You were fearfully and wonderfully made by a God who loves you and knows you deeply.
God is with us – all of us. As Episcopalians, this reminder is woven throughout our worship services and compels us to lead lives of faithful action in our communities and worlds, seeking and serving the image of God that is found in every person.
We believe in following the teachings of Jesus Christ, whose life, death, and resurrection saved the world.
As members of The Episcopal Church, our worship, teaching, and practice are grounded in the Holy Scriptures and the liturgies found in the Book of Common Prayer (BCP). The focal point of our worship services is the Holy Eucharist (also called Mass, Communion, or the Lord’s Table). In this Sacrament, we come together as the family of God to receive the bread and wine, acknowledging our unity with God and each other, and anchoring ourselves in the holy love that strengthens and nourishes us.
The Episcopal Church has a legacy of inclusion, aspiring to tell and exemplify God’s love for every human being. Laypeople and clergy cooperate as leaders at all levels of our church. Leadership is a gift from God, and can be expressed by all people in our church, regardless of sexual identity or orientation.
The Mission of
What is the mission of the Church?
The mission of the Church is to restore all people to unity with God and each other in Christ.
How does the Church pursue its mission?
The Church pursues its mission as it prays and worships, proclaims the Gospel, and promotes justice, peace, and love.
Through whom does the Church carry out its mission?
The church carries out its mission through the ministry of all its members.
Book of Common Prayer, p. 855
The Holy Bible
The Holy Bible, or the Scriptures, including the Old and New Testament, were written under the inspiration of the Holy Spirit.

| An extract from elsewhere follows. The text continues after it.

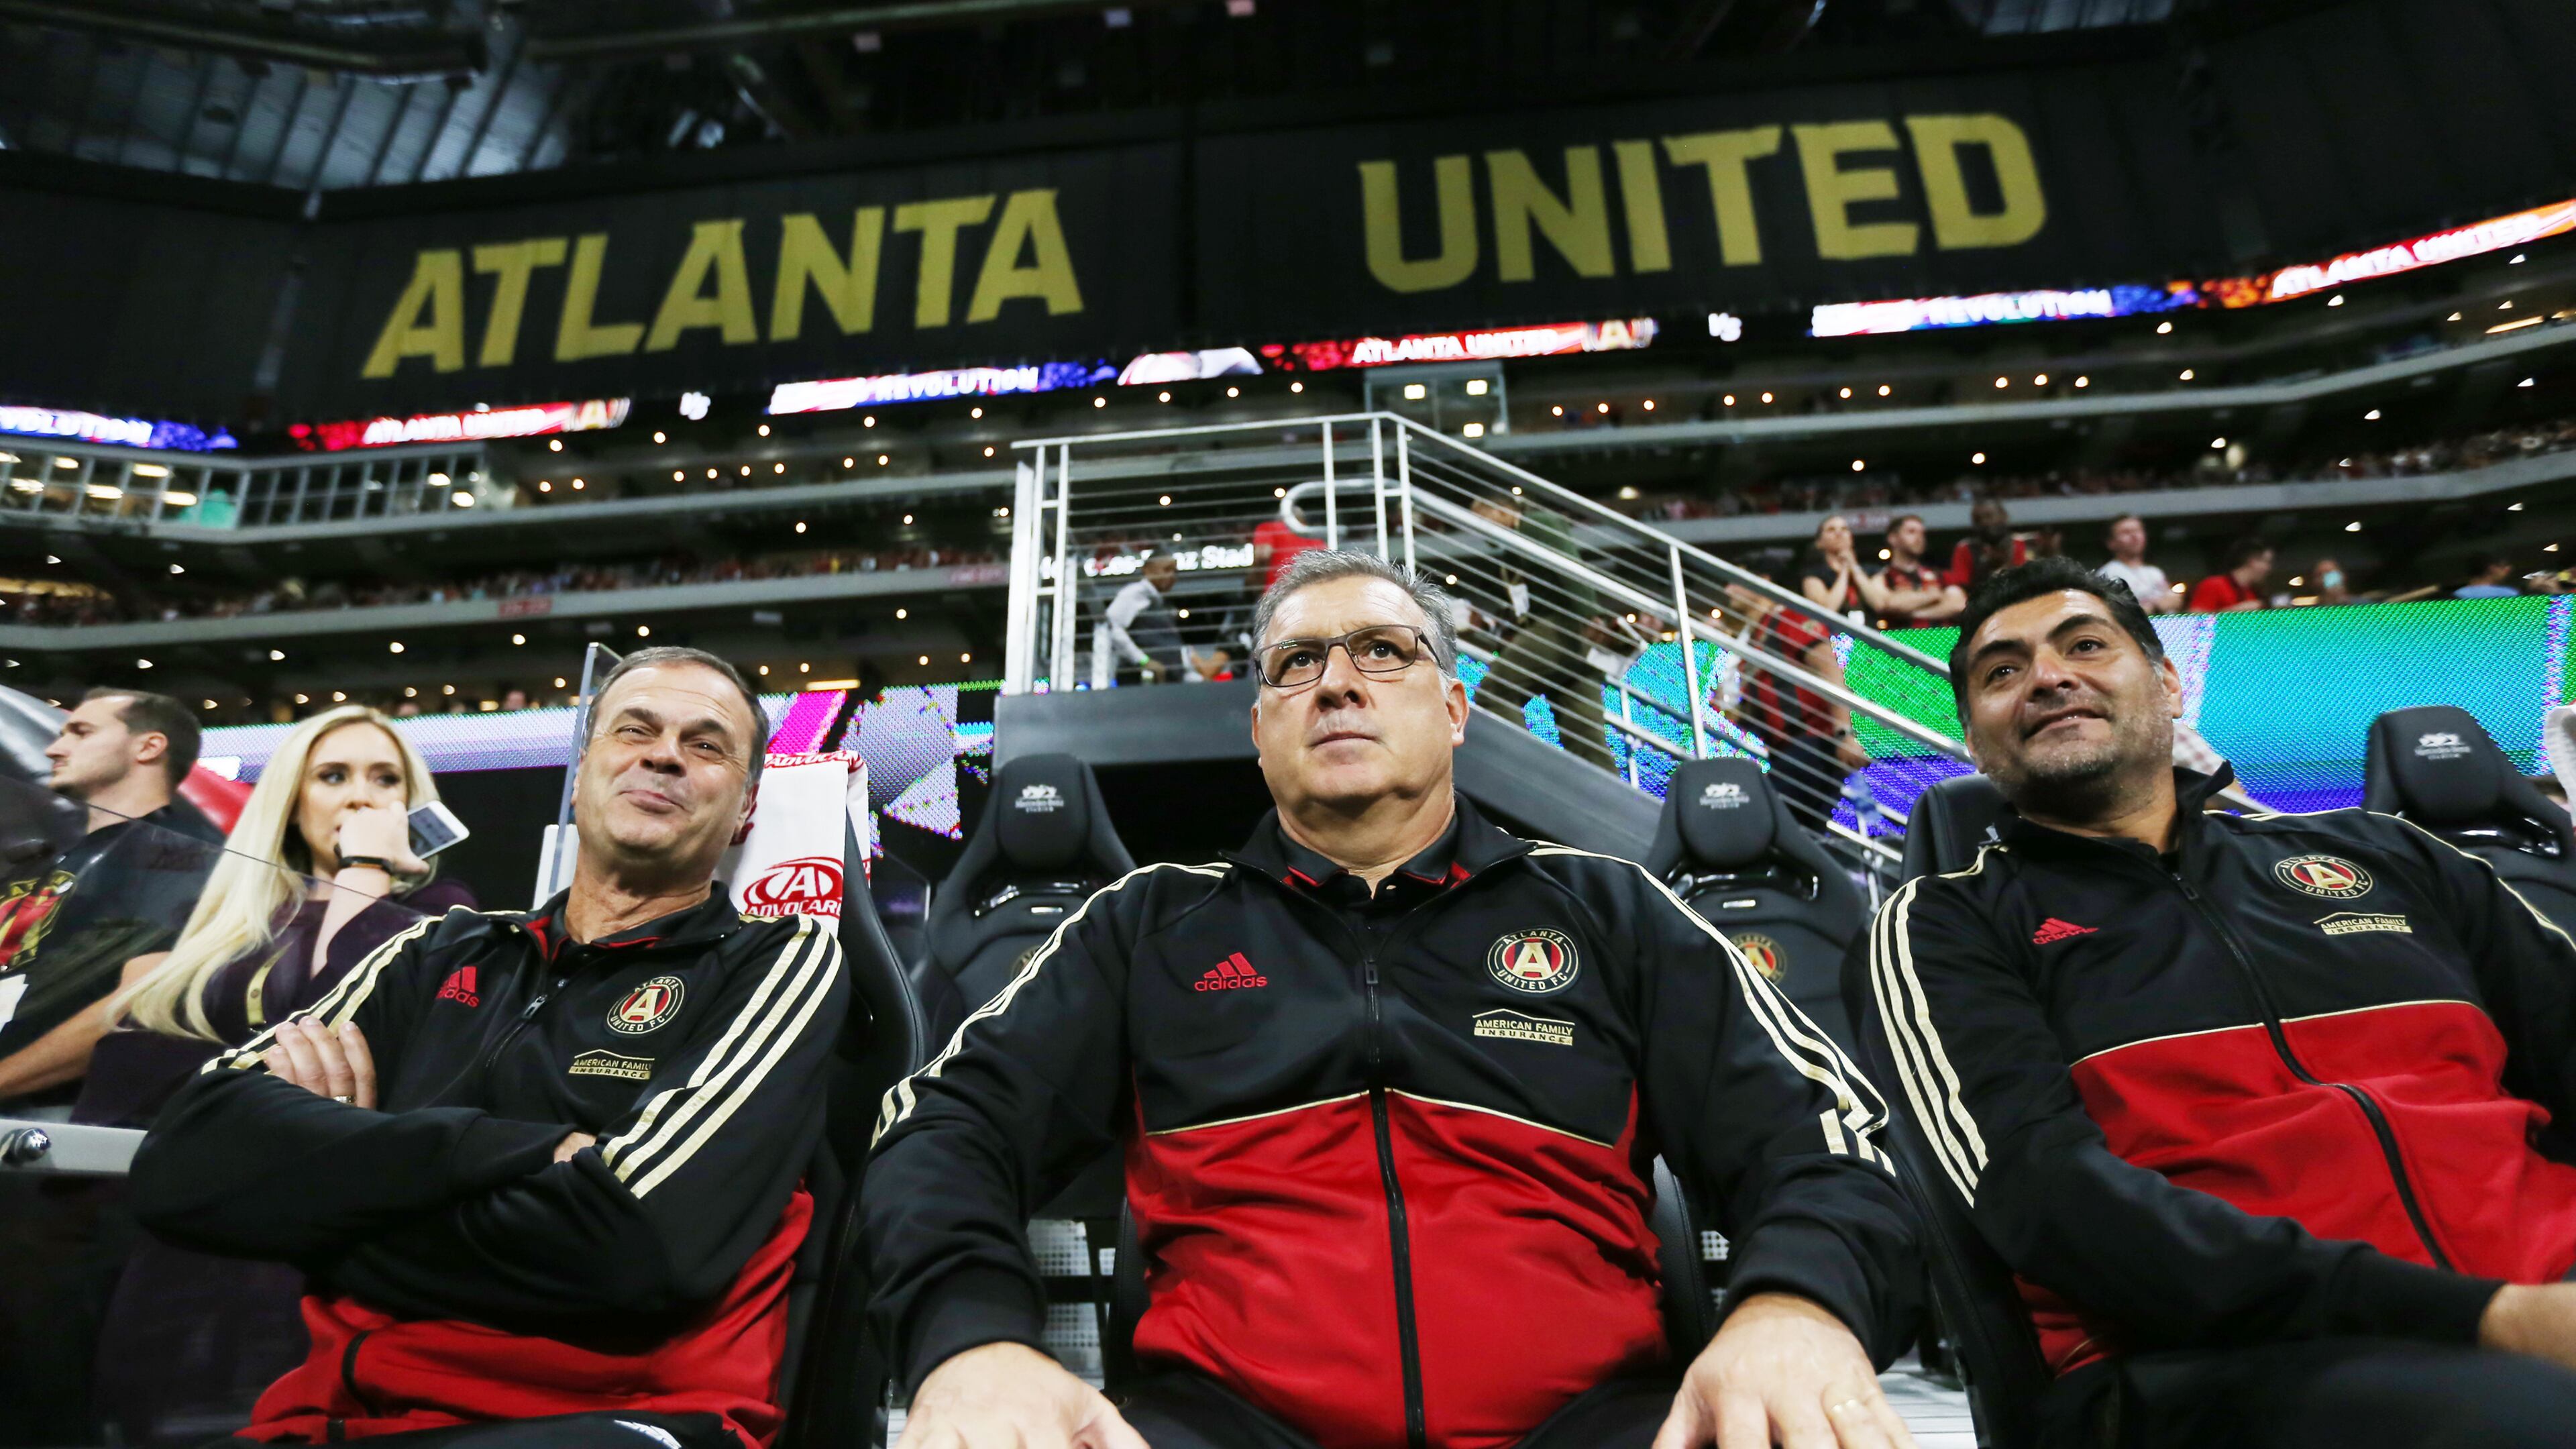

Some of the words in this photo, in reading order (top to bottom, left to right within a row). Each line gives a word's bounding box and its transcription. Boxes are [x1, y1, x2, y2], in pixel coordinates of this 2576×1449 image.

The Bible is of extraordinary central importance to Episcopal worship; during a Sunday morning service, the faith community will usually hear at least three readings from Scripture. Much of the liturgy from The Book of Common Prayer is drawn directly from Biblical texts. According to the Episcopal Catechism, “We understand the meaning of the Bible by the help of the Holy Spirit, who guides the Church in the true interpretation of the Scriptures” (p. 853-4)
There are several translations of the Bible authorized for use. That list is available on the Episcopal Church’s website.
The Book of Common Prayer
The Book of Common Prayer is a devotional and teaching resource for individuals and faith communities and the primary symbol
of our unity. As Armentrout and Slocum note in their Episcopal Dictionary of the Church, “Anglican liturgical piety
has been rooted in the Prayer Book tradition since the publication of the first English Prayer Book in 1549.”
We, who are many and diverse, come together in Christ through our worship and our common prayer. The Book of Common Prayer, most recently revised in 1979, contains the calendar of the Christian Year, our approach to the sacredness of time, prayers for use throughout the day, the sacraments and of our faith, rites marking the important stages of our life, and much more.
The Baptismal Covenant
The Anglican tradition, of which we are a part, recognizes sacraments as “outward and visible signs of inward and spiritual grace given by Christ as sure and certain means by which we receive that grace.” The Book of Common Prayer, p. 857. Holy Baptism and Holy Eucharist (or Holy Communion) are the two great sacraments given by Christ to his Church.
In the case of Baptism, the outward and visible sign is water, in which the person is baptized in the Name of the Father, and of the Son, and of the Holy Spirit; the inward and spiritual grace is union with Christ in his death and resurrection, birth into God’s family the Church, forgiveness of sins, and new life in the Holy Spirit. In the case of the Eucharist, the outward and visible sign is bread and wine, given and received according to Christ’s command. The inward and spiritual grace is the Body and Blood of Christ given to his people, and received by faith.
In addition to these two, there are other spiritual markers in our journey of faith that can serve as means of grace.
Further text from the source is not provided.